Talk about your bittersweet moments.
When Tony Nysse, superintendent at Old Marsh Golf Club, called in Terry Libbert to inform him he had been named a finalist for the TurfNet 2018 Technician of the Year Awards, presented by Toro, the longtime mechanic at the club in Palm Beach Gardens was coming in anyway.
Libbert, who was hired more than 18 years ago at this 1987 Pete Dye design, was giving his notice after accepting a job as equipment manager at Michael Jordan's Grove XXIII that is being built 10 miles up U.S. 1 in Hobe Sound.
"It was a bittersweet moment," Libbert said. "I was grateful for the recognition, but it was 'oops, I'm on my way out the door.' "
Even a change of jobs was not enough to sway TurfNet's panel of judges who named Libbert the winner of this year's Golden Wrench Award.
Other finalists for the award were Dave Stofanak of Saucon Valley Country Club in Bethlehem, Pennsylvania, and Bob Fedge of The Connecticut Golf Club in Easton.
As the winner, Libbert receives the Golden Wrench Award and a spot in next year's Toro Service Training University at the company's headquarters in Bloomington, Minnesota, courtesy of Hector Turf, the local Toro distributor based in Deerfield Beach.

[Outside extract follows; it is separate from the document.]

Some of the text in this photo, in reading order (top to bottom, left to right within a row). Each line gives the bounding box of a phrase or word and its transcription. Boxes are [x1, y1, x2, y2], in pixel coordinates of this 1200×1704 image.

Criteria on which candidates are judged include: crisis management; effective budgeting; environmental awareness; helping to further and promote the careers of colleagues and employees; interpersonal communications; inventory management and cost control; overall condition and dependability of rolling stock; shop safety; and work ethic.

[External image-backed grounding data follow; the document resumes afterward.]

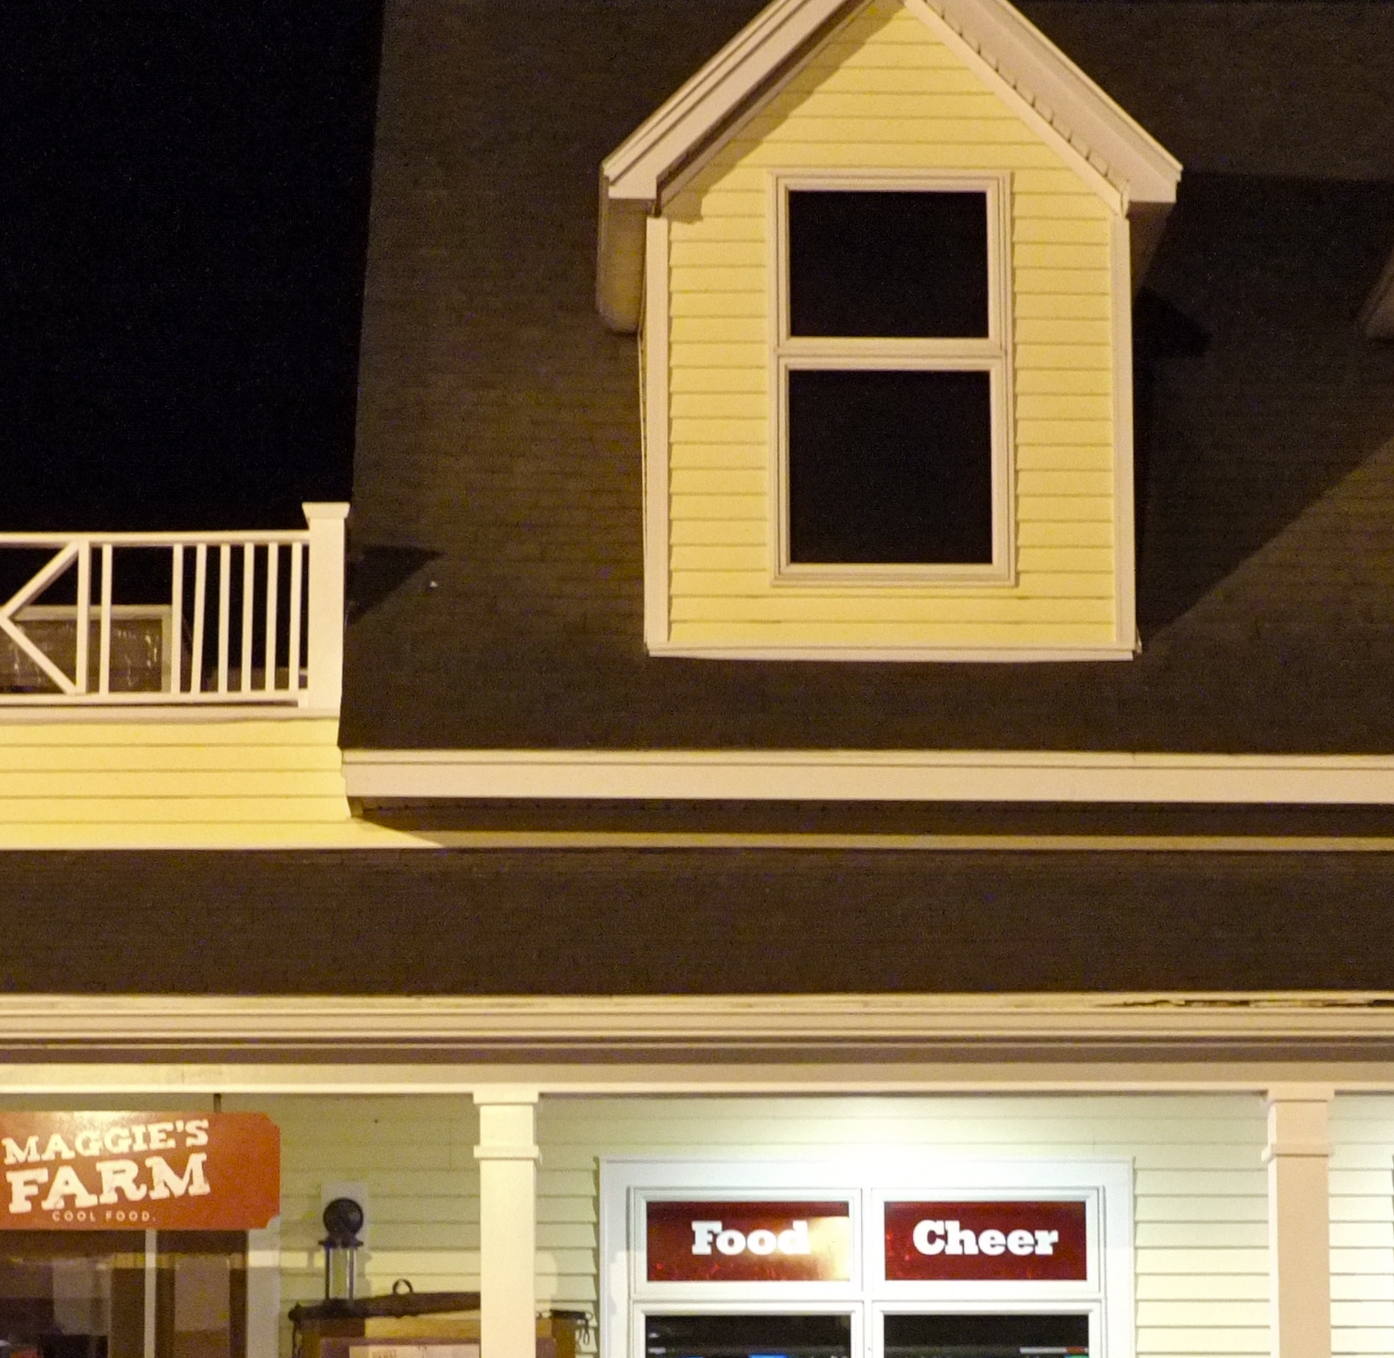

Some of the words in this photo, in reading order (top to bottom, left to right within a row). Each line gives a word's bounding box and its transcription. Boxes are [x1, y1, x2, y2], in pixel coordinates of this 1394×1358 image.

[1, 1119, 209, 1165] MAGGIE'S
[6, 1152, 211, 1214] FARM
[52, 1210, 96, 1222] COOL
[691, 1220, 811, 1256] Food
[912, 1219, 1059, 1256] Cheer

Previous winners include (2017) Tony Nunes, Chicago Golf Club, Wheaton, IL; (2016) Kris Bryan, Pikewood National Golf Club, Morgantown, WV; (2015) Robert Smith, Merion Golf Club, Ardmore, PA; (2014) Lee Medeiros, Timber Creek and Sierra Pines Golf Courses, Roseville, CA; (2013) Brian Sjögren, Corral de Tierra Country Club, Corral de Tierra, CA; (2012) Kevin Bauer, Prairie Bluff Golf Club, Crest Hill, IL; (2011) Jim Kilgallon, The Connecticut Golf Club, Easton, CT; (2010) Herb Berg, Oakmont (PA) Country Club; (2009) Doug Johnson, TPC at Las Colinas, Irving, TX; (2007) Jim Stuart, Stone Mountain (GA) Golf Club; (2006) Fred Peck, Fox Hollow and The Homestead, Lakewood, CO; (2005) Jesus Olivas, Heritage Highlands at Dove Mountain, Marana, AZ; (2004) Henry Heinz, Kalamazoo (MI) Country Club; (2003) Eric Kulaas, Marriott Vinoy Renaissance Resort, Sarasota, FL.

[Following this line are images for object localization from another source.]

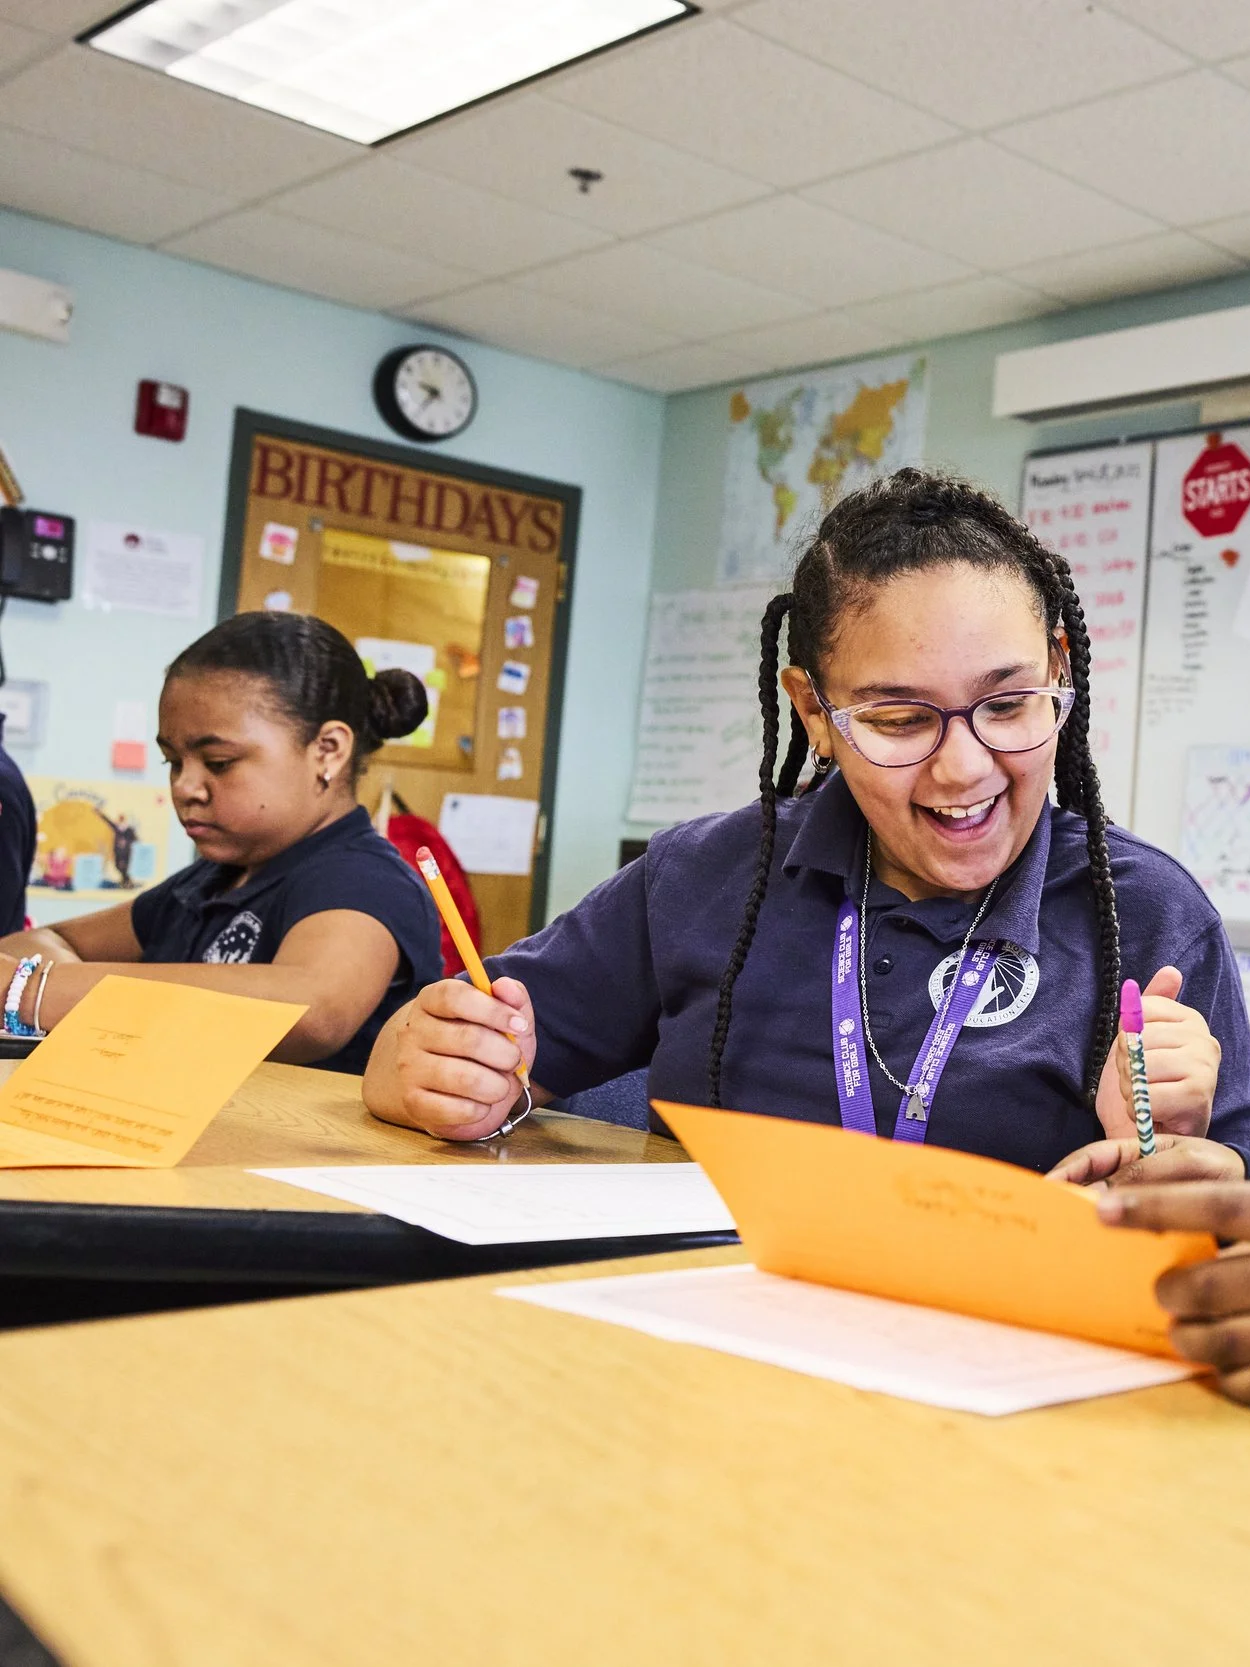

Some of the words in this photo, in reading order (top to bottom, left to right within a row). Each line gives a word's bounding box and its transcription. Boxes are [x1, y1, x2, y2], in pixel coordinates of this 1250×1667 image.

[251, 441, 562, 553] BIRTHDAYS
[1183, 468, 1250, 512] STARTS
[975, 951, 990, 971] CLUB
[840, 1036, 850, 1060] CLUB
[936, 1022, 956, 1058] SCIENCE
[849, 1042, 859, 1069] GIRLS
[842, 1059, 855, 1098] SCIENCE
[852, 1069, 862, 1088] FOR
[925, 1058, 940, 1081] CLUB

In 18 years, Libbert had mastered all of those traits. He was nominated not only by Nysse, but by the three other superintendents he has outlasted at Old Marsh, including Jim Colo, now at Naples National, Al Clements of Pablo Creek in Jacksonville, and Jupiter Hills's Steve Ehrbar, who hired him.
"To find out every superintendent who had been here, including Tony and all the predecessors all wanted to get in on that was really uplifting," Libbert said. "I had always felt that they respected what I'd done as their mechanic. But that they were interested in participating (in the nomination process) was uplifting."
He is a master at maintaining sharp reels, preventive maintenance and fabricating tools to fit specific needs.
When the course was renovated two years ago, Nysse needed groomers for Old Marsh's TifEagle greens, and once he and Nysse nailed down the exact specifications that were needed, Libbert built a custom set of brushes for all the walkmowers within a matter of days.
"We have stiff brooms and softer-bristle brooms," Nysse said. "He saved us a few thousand dollars right there."
During Libbert's time at Old Marsh, it changed hands from an owner to a member-owned club, but Libbert who outlasted so much, always was more than just a hired hand.
"As long as he's worked here is kind of unheard of," Nysse said.
"The respect he's earned by management, HR, members, colleagues and former superintendents is unique. They don't look at him as a guy who fixes stuff. The members know him by name, and they value him as a person. That's cool for an equipment tech to be looked at that way. He will be missed."
As for Michael Jordan and his nearby project?
"They're getting a heckuva tech who is much more than a technician," Nysse said. "They're getting a really good person."